Although the UTAUT and TAM provide an excellent framework to examine the phenomena of adoption, there is a significant gap in this research regarding the impacts of the system after use, that is, postadoptive use. Several studies have attempted to address this research gap by focusing on the relationship between patient portal use and patient outcomes. The portal benefits of improving care and communication between patients and providers [10,11], discovering medical errors, and ensuring that patients take medication on time [12] have been documented in the literature. However, findings from review studies also confirm the inconsistency in patient satisfaction studies [6]. Although some studies have found improved patient satisfaction when electronic patient access to medical information was used [6,13,14,21], other studies have found mixed results [7,15,22], and a few have found that patient satisfaction data remained unchanged [23,24].
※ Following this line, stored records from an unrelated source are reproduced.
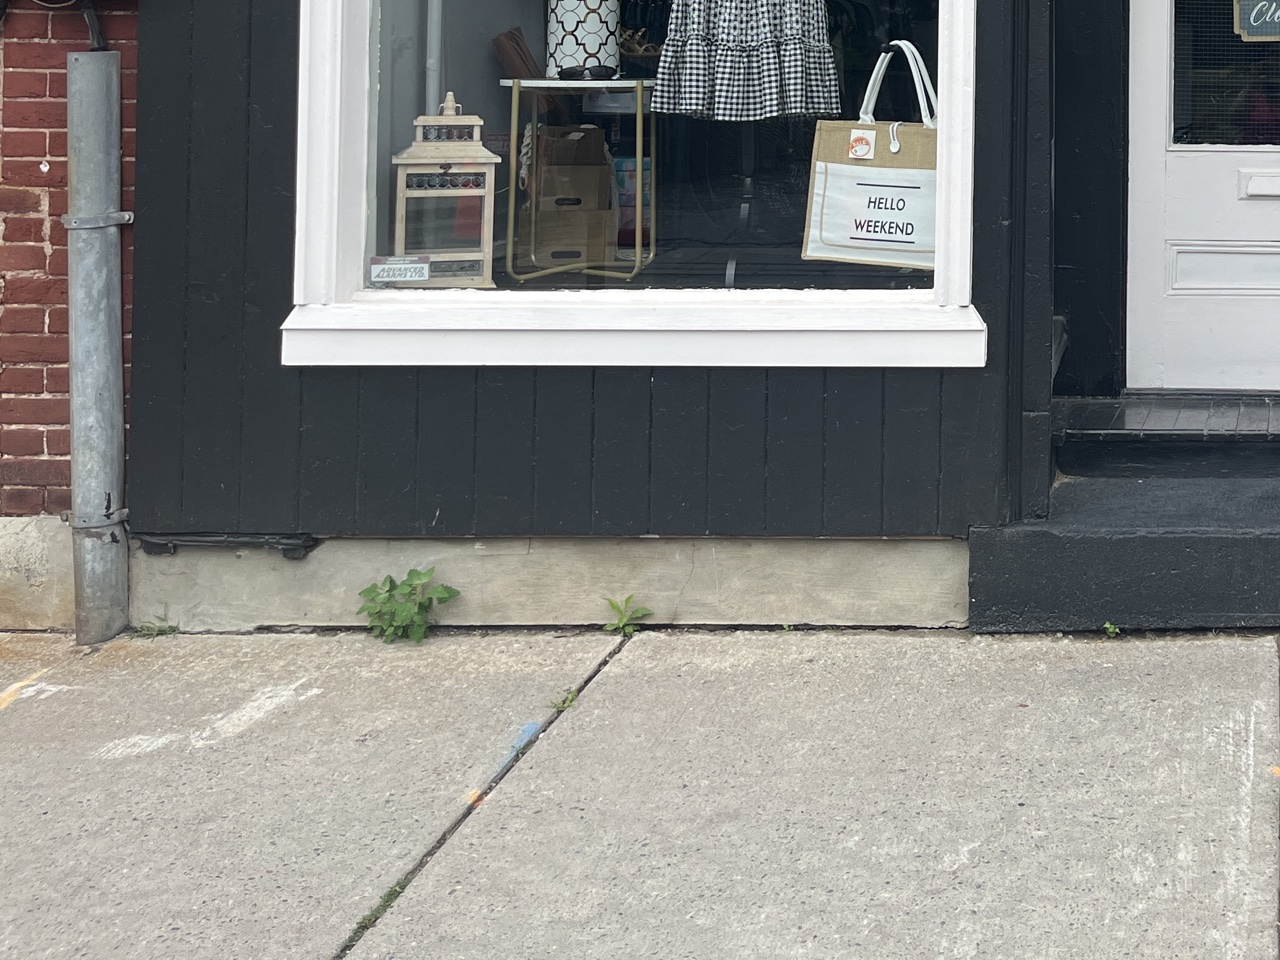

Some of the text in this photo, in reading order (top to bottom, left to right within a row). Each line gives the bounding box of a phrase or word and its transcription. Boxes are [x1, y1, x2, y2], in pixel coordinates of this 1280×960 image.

[867, 196, 906, 211] HELLO
[854, 219, 915, 236] WEEKEND
[374, 271, 409, 279] ALARMS
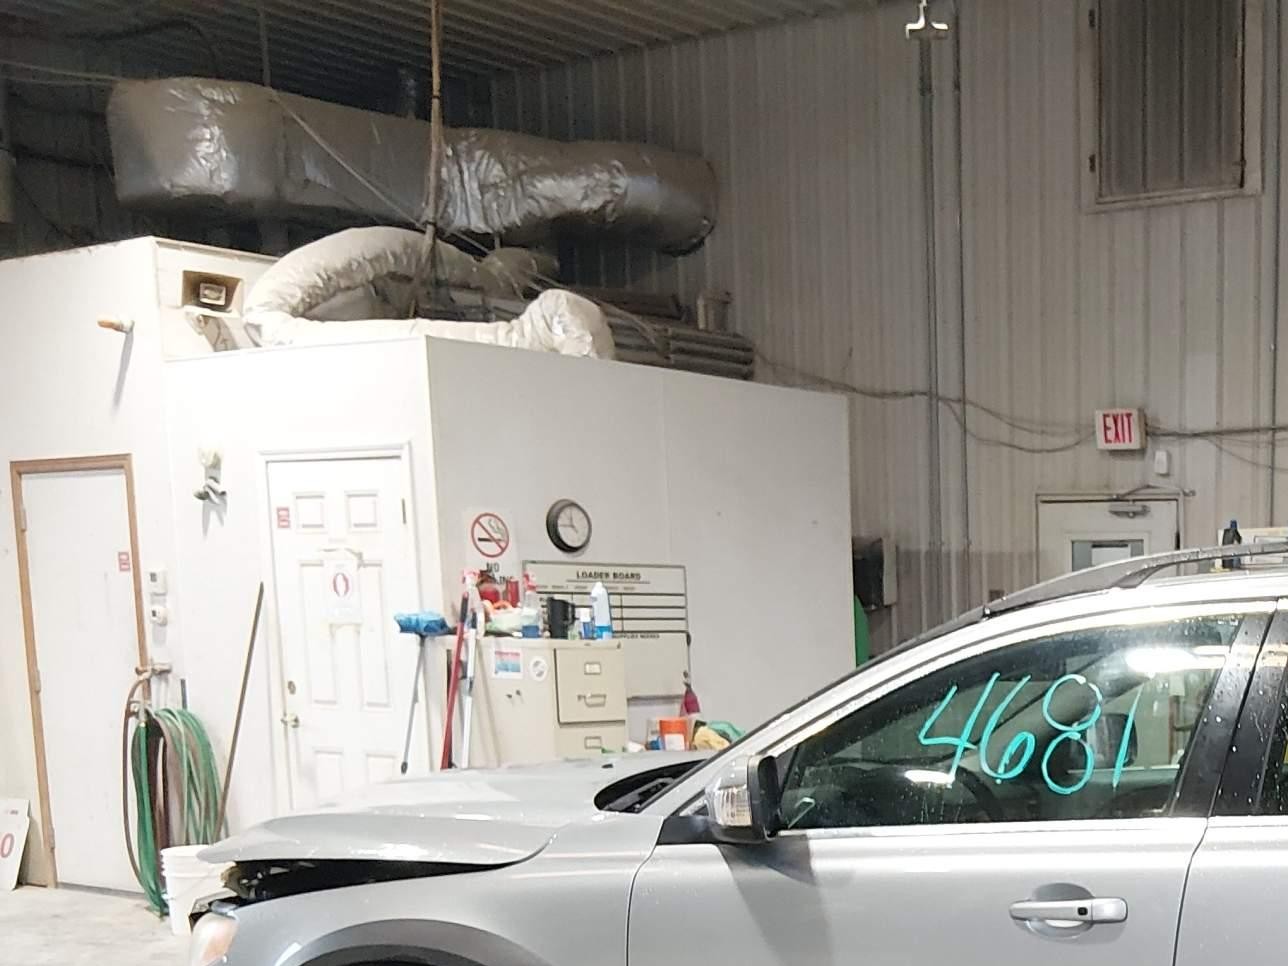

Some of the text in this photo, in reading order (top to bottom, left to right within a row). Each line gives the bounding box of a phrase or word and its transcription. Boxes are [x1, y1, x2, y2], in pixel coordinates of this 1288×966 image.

[1103, 413, 1132, 444] EXIT
[576, 571, 641, 581] LOADER BOARD
[918, 672, 1145, 795] 4681
Two important aspects of prior research on patient satisfaction must be mentioned. First, although using HCAHPS measures are considered the standard way to measure patient satisfaction at health care organizations, patient satisfaction has not been measured consistently, or it has been measured using only 1 or 2 HCAHPS measures [14,16]. This implies that patient satisfaction needs to be studied more comprehensively by enumerating its underlying dimensions. This will provide a richer description of the influence of patient portals.
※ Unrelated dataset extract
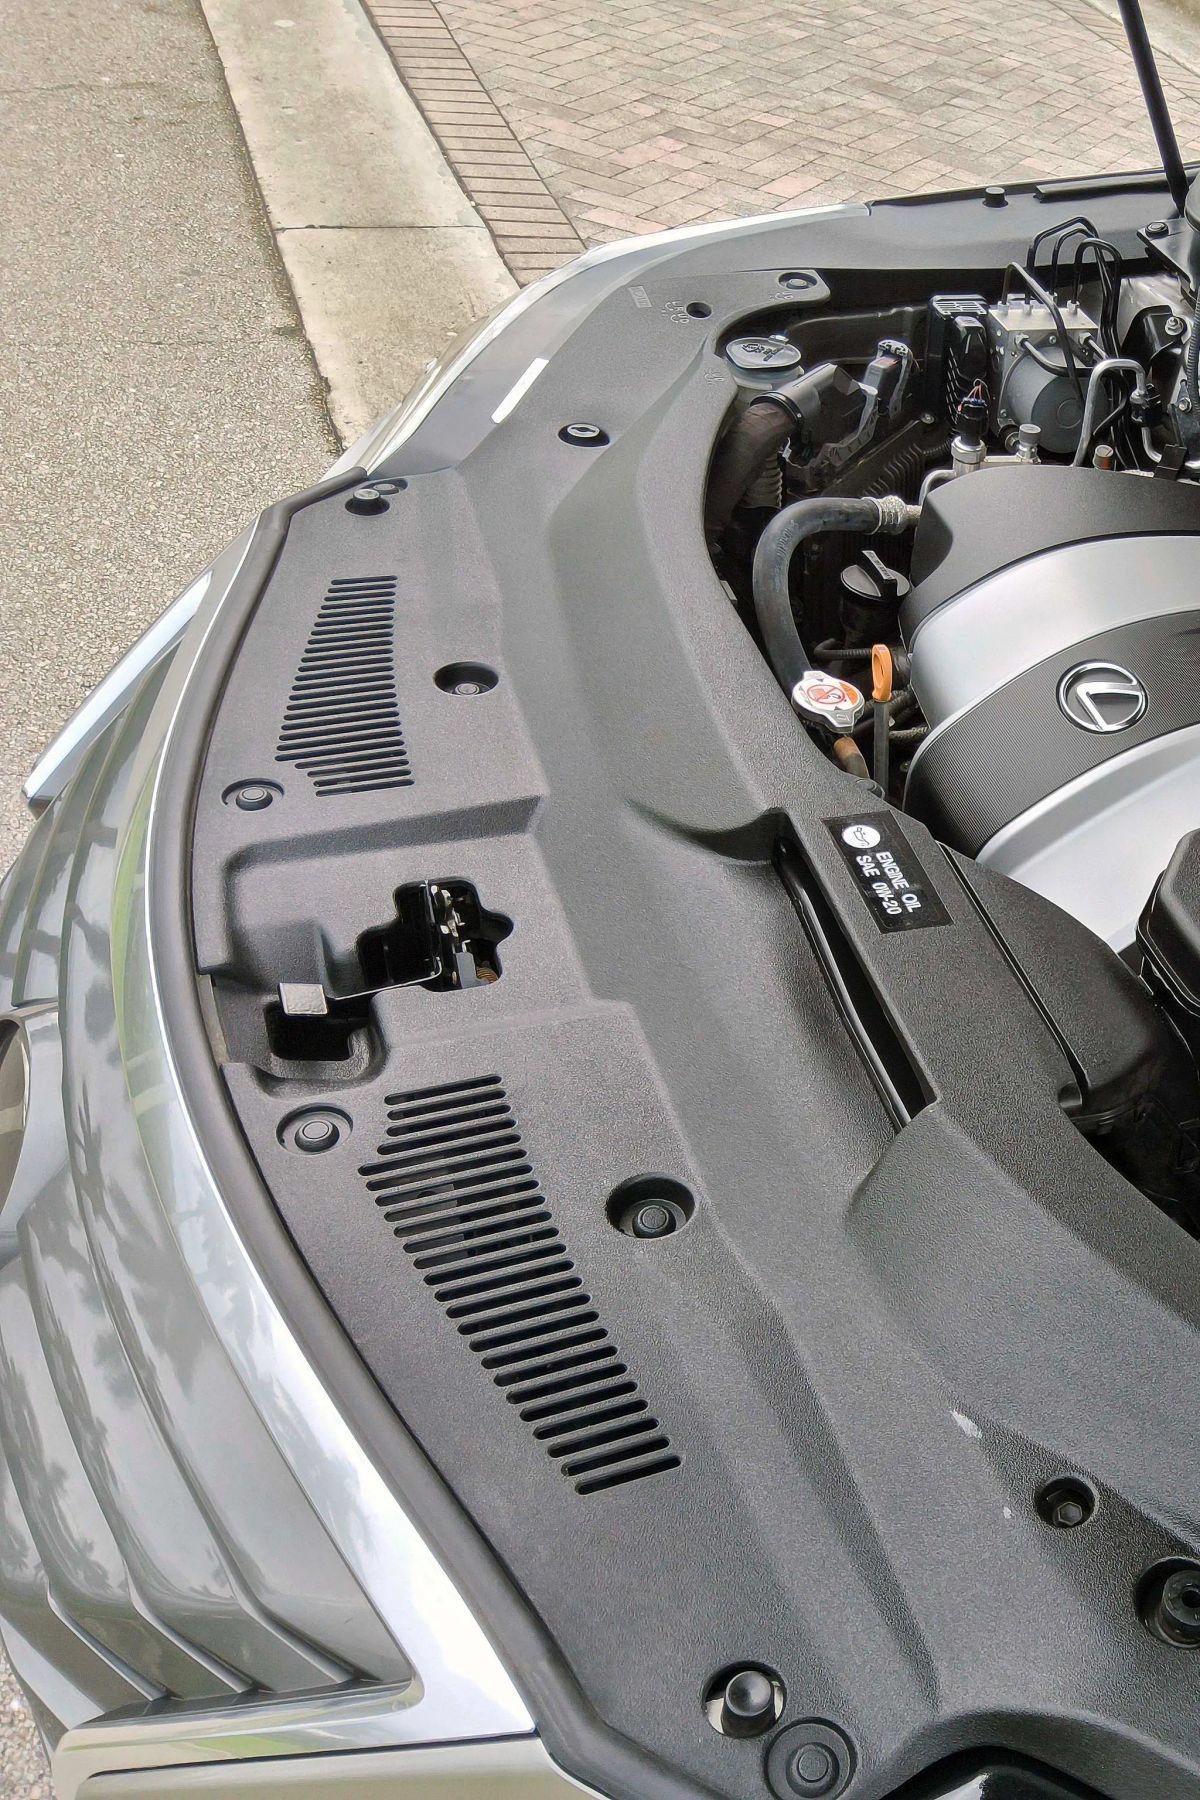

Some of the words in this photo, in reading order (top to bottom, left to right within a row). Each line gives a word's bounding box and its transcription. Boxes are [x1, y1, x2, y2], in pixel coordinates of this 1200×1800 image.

[856, 855, 880, 877] SAE
[872, 881, 902, 915] 0W-20
[876, 851, 910, 890] ENGINE
[901, 893, 922, 913] OIL
Second, because of the research gap in the literature regarding the link between patient portal use and patient satisfaction, the mediators linking these factors need to be considered. Prior research suggests that patient perceptions could play a mediating role in determining patient satisfaction through patient portal use [7,14]. Patient portal use can influence a positive patient experience for patients [3]. Patients with chronic disease have mixed attitudes regarding patient portal use [17]. This suggests that studying the mediating role of patient perceptions could help address the link between patient portal use and patient satisfaction.

Goal of This Study

Prior studies show that patient satisfaction and patient portals have many important intertwined relationships to be explored. Although patient portals have been explored in terms of their impact on different aspects of the care continuum, there remains an inconsistent understanding of the relationship between portal use and patient satisfaction. As explained earlier, an understanding of the mediating influences of patient perceptions will shed light on the links between patient portals and patient satisfaction. Therefore, the 2 research questions addressed in this study are as follows:

  1. What are the influences of patient portal use on patient satisfaction?
  2. What are the influences of patient portal use on patients’ perceptions of their own health and portal?
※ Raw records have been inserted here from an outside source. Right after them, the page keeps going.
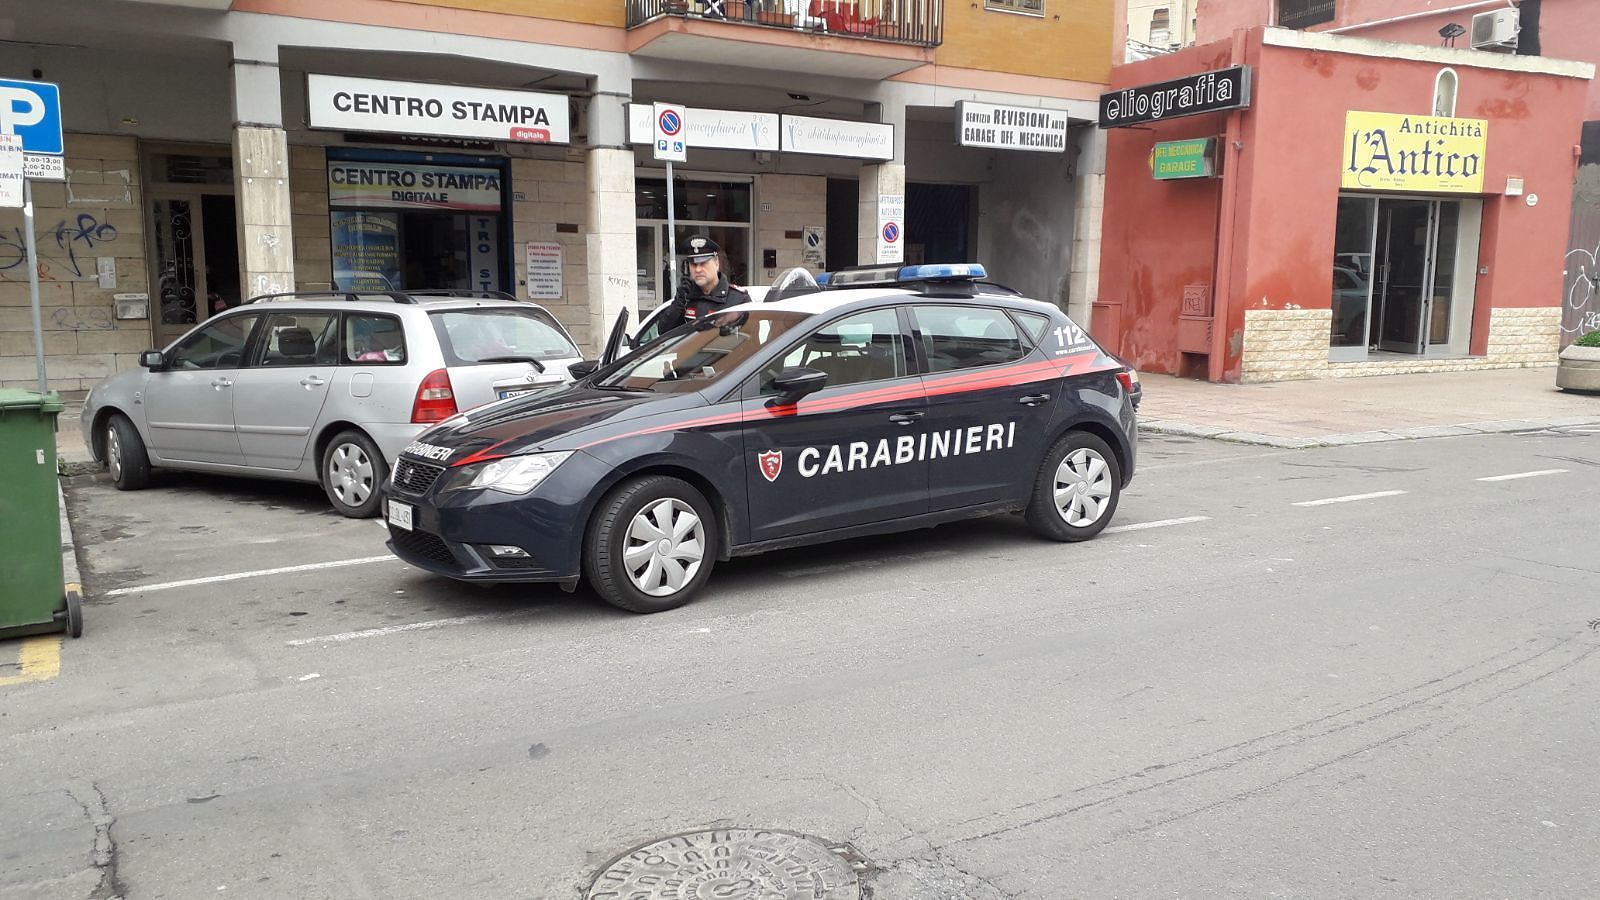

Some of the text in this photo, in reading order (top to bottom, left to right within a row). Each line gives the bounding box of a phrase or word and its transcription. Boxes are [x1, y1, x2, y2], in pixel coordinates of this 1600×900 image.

[1106, 73, 1233, 120] eliografia
[333, 91, 550, 126] CENTRO STAMPA
[966, 109, 1065, 130] SERVIZIO REVISIONI AUTO
[516, 130, 545, 139] digitale
[965, 127, 1064, 149] GARAGE OFF. MECCANICA
[1399, 118, 1482, 138] Antichità
[1159, 160, 1197, 173] GARAGE
[1347, 129, 1481, 187] l'Antico
[331, 168, 500, 192] CENTRO STAMPA
[392, 191, 449, 203] DIGITALE
[1053, 324, 1086, 347] 112
[797, 421, 1016, 479] CARABINIERI
Research Model and Hypotheses Development

The AST [25] serves as the theoretical perspective for our research model. The AST has been applied to study adoption perceptions and behaviors in a variety of contexts such as group decision support systems and enterprise systems. Drawing upon the structuration theory formulated by Giddens [26], the AST offers a theoretical framework that delves into the dynamic relationship that connects structures provided by technology and the ways in which these structures are appropriated or adapted by a user. Traditionally, the AST had been applied in the organizational or group context [25]. However, recent research has adapted this framework to the individual level [27]. Applying the AST to the individual level, the input-process-output framework of the AST can be explained as follows: (1) input: technology in use affords certain features or structures; (2) process: technology is adapted by users to accomplish a task, and users develop certain attitudes, perceptions, and behaviors; and (3) output: processes can influence decision-making or performance outcomes [27].

Adapting the AST’s input-process-output framework in our study, we posited that (1) patient portals afford certain technology features for use, (2) portal use can influence patient perceptions, and (3) patient perceptions can influence patient satisfaction outcomes. The research model of patient portal use and patient satisfaction is presented in Figure 1. The model shows that postadoptive use will have a positive influence on health self-awareness, gratification, and health perceptions. We classified them as cognitive factor (knowledge-based) and affective factor (emotion-based). These patient perceptions are posited to have a positive influence on patient satisfaction.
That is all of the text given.